Of course, there are those who make it their life’s work to pay to tribute to musicians.  And we’re not just talking Elvis impersonators.  Some tribute bands are made up of serious musicians who rival the band or performer they seek to emulate.  My favorites though, are the ones that introduce a bit of a twist on the original.  Have you ever wondered how Back in Black would sound sung by women?  Try AC/DShe.  Would you like to hear Like a Virgin sung by a baritone? Then the all-male Mandonna is for you.

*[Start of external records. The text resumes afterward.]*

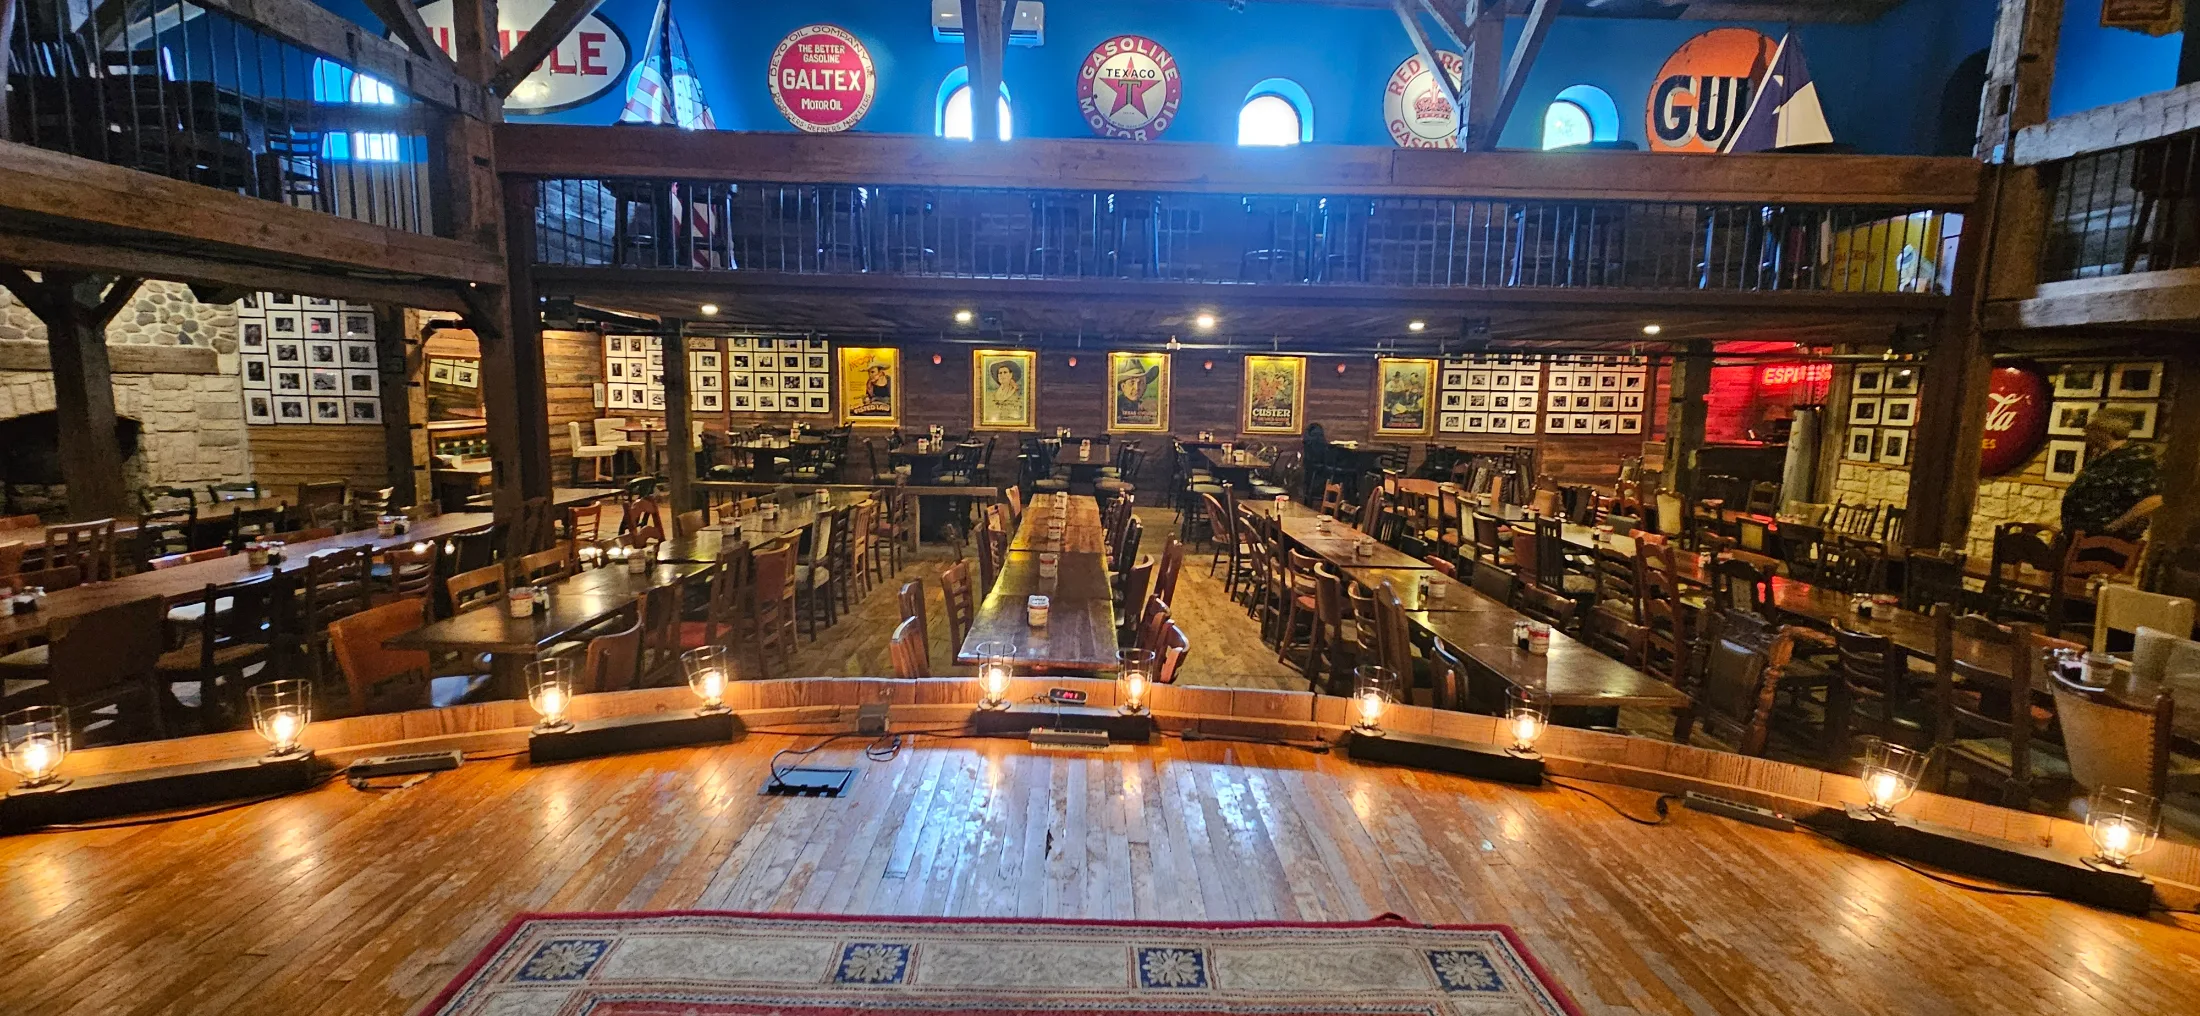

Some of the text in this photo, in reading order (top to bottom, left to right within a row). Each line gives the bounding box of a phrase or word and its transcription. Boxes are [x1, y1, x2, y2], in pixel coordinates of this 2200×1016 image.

[770, 42, 788, 77] DEYO
[789, 30, 808, 42] OIL
[811, 26, 869, 60] COMPANY
[798, 43, 845, 54] THE BETTER
[802, 54, 840, 64] GASOLINE
[1082, 37, 1179, 82] GASOLINE
[782, 68, 861, 91] GALTEX
[1105, 68, 1155, 79] TEXACO
[1388, 58, 1421, 96] RED
[773, 92, 804, 128] PRODUCERS
[843, 93, 872, 128] MARKETERS
[829, 99, 843, 111] OIL
[1153, 98, 1179, 132] OIL
[1252, 408, 1291, 417] CUSTER

Alas, tribute bands rarely get their due.  But one of them came out on top this week.  The Metallica tribute band Sandman (named for the song Enter Sandman) made news after it received a 41 page cease and desist letter from Metallica’s lawyer, threatening legal action over claimed trademark violations.  Fortunately for Sandman, Metallica’s members professed to know nothing of the letter and, as luck would have it, they are fans of Sandman.  They announced on their website that Sandman could throw the letter in the trash.   As the band explained:  “[N]either we nor our management were aware of [the letter] until it surfaced online. [It] turns out that we have a very overzealous attorney who sent this letter without our knowledge.”   Where is the attorney now?  He’s “catching a flight to go permanently ice fishing in Alaska,” said the band.

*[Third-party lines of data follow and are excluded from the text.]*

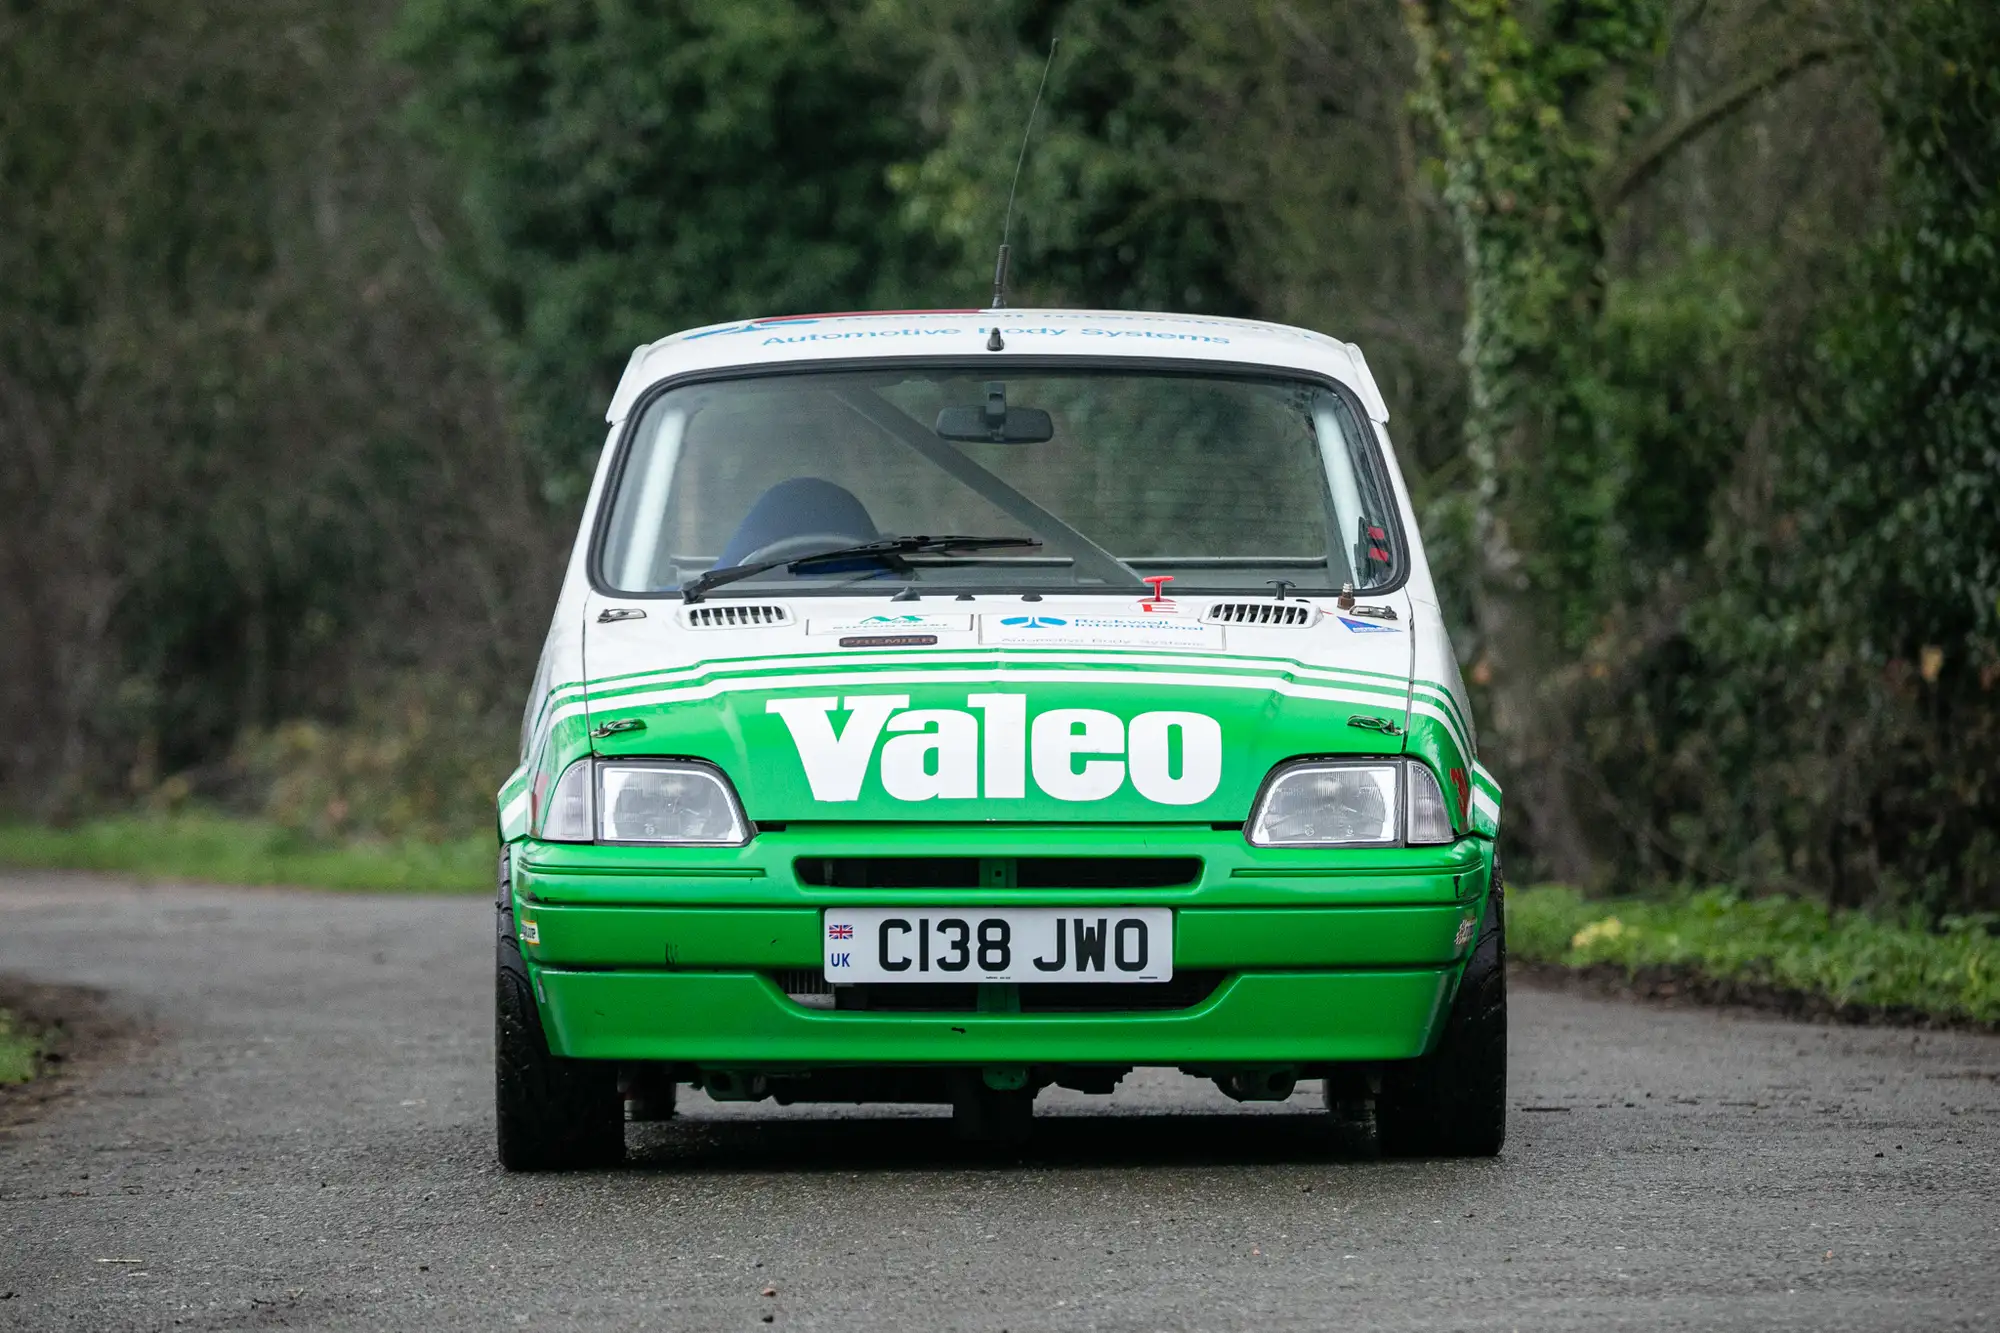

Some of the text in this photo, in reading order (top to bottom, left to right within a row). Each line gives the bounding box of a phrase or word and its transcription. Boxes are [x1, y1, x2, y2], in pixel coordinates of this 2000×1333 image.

[762, 327, 962, 346] Automotive
[1081, 328, 1230, 344] Systems
[1075, 623, 1204, 631] International
[765, 693, 1222, 805] Valeo
[878, 918, 1149, 972] C138 JWO
[830, 952, 851, 968] UK

The erstwhile Metallica lawyer better hope that’s the last of it.  ABA Model Rule 1.2 makes clear that the client, not the lawyer, generally has the authority to make decisions (subject to legal and ethical limitations) regarding the representation.  Whether it’s accepting/making a settlement offer, agreeing on material transaction terms, or sending a cease and desist letter, it’s the client’s call, not the lawyer’s.  And unless you want to end up ice fishing in Alaska — or be subject to discipline or a claim —  it’s always best to document the client’s instruction.  Because if there is a dispute later on, you don’t want to end up like another Metallica song:  Broken, Beat and Scarred.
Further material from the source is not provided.